Bliższy związek „chodzenia po desce” z piractwem miał miejsce w latach dwudziestych XIX wieku wraz z pojawieniem się kilku relacji, w których pirackich jeńców zmuszano w ten sposób do śmierci. Latem 1822 roku kapitan zdobytego brytyjskiego statku Redpole został zmuszony przez piratów ze statku Emanuel do „chodzenia po desce”, co zakończyło się dla niego śmiercią. W 1829 roku piracki szkunerPresident zdobył brytyjski slupBlessing. Piraci dokonali egzekucji brytyjskiego kapitana i zmusili prawie całą jego załogę do „chodzenia po desce” w wyniku czego utonęli. Oszczędzili tylko tych członków załogi posiadających umiejętności, które były przydatne z punktu widzenia piratów. W 1829 roku holenderski statek Vhan Fredericka został schwytany przez piratów w cieśninie między Wyspami Dziewiczymi. Załogę zmuszono do „chodzenia po desce”, z nogami związanymi ciężkimi kulami armatnimi, aby nie miała szansy dopłynąć do bezpiecznego miejsca[1].

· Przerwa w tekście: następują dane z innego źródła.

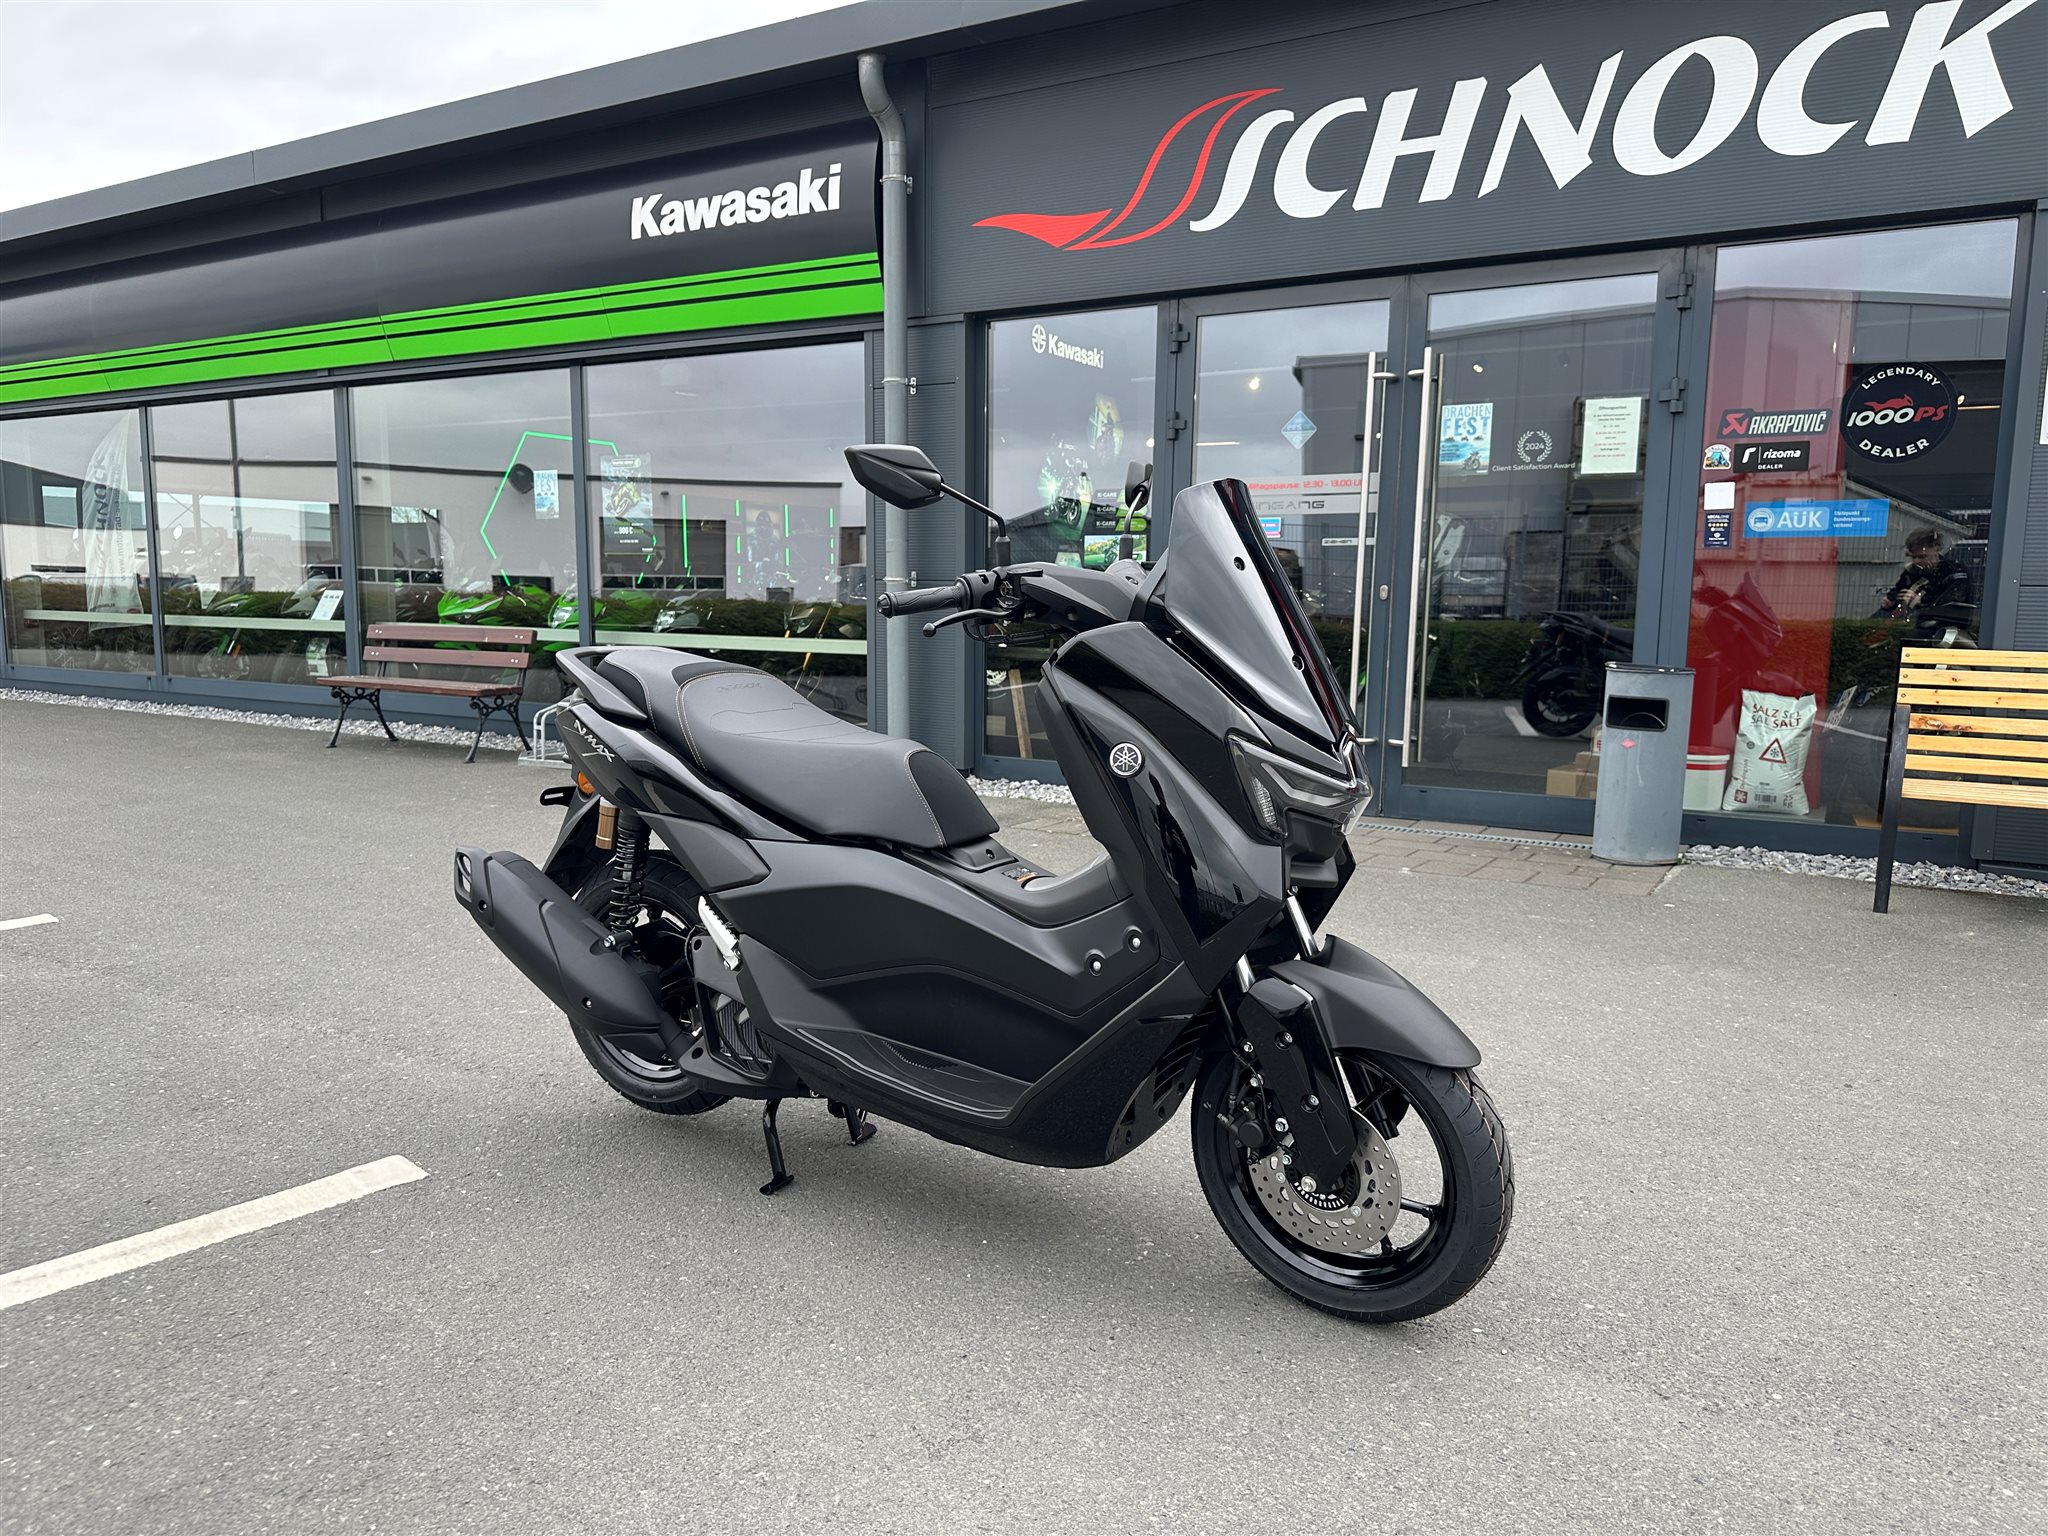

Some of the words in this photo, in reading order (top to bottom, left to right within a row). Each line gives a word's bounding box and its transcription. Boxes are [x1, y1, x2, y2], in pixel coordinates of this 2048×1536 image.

[631, 162, 842, 240] Kawasaki
[1048, 333, 1104, 369] Kawasaki
[1861, 366, 1941, 390] LEGENDARY
[1443, 404, 1492, 418] DRACHEN
[1847, 404, 1949, 427] 1000PS
[1442, 416, 1490, 437] FEST
[1762, 448, 1802, 459] rizoma
[1859, 438, 1930, 458] DEALER
[1512, 463, 1552, 471] Satisfaction
[1752, 703, 1779, 718] SALZ
[1751, 714, 1770, 726] SAL
[1773, 717, 1801, 729] SALT

Kilka innych przypadków „chodzenia po desce” miało miejsce w XIX wieku, ale większość z nich dotyczyła piratów i buntowników wysyłających siebie nawzajem na śmierć. Działo się tak, ponieważ niektórzy błędnie wierzyli, że wysłanie swoich towarzyszy na śmierć w ten sposób złagodzi ich wyrok, ale tak się nie działo[1].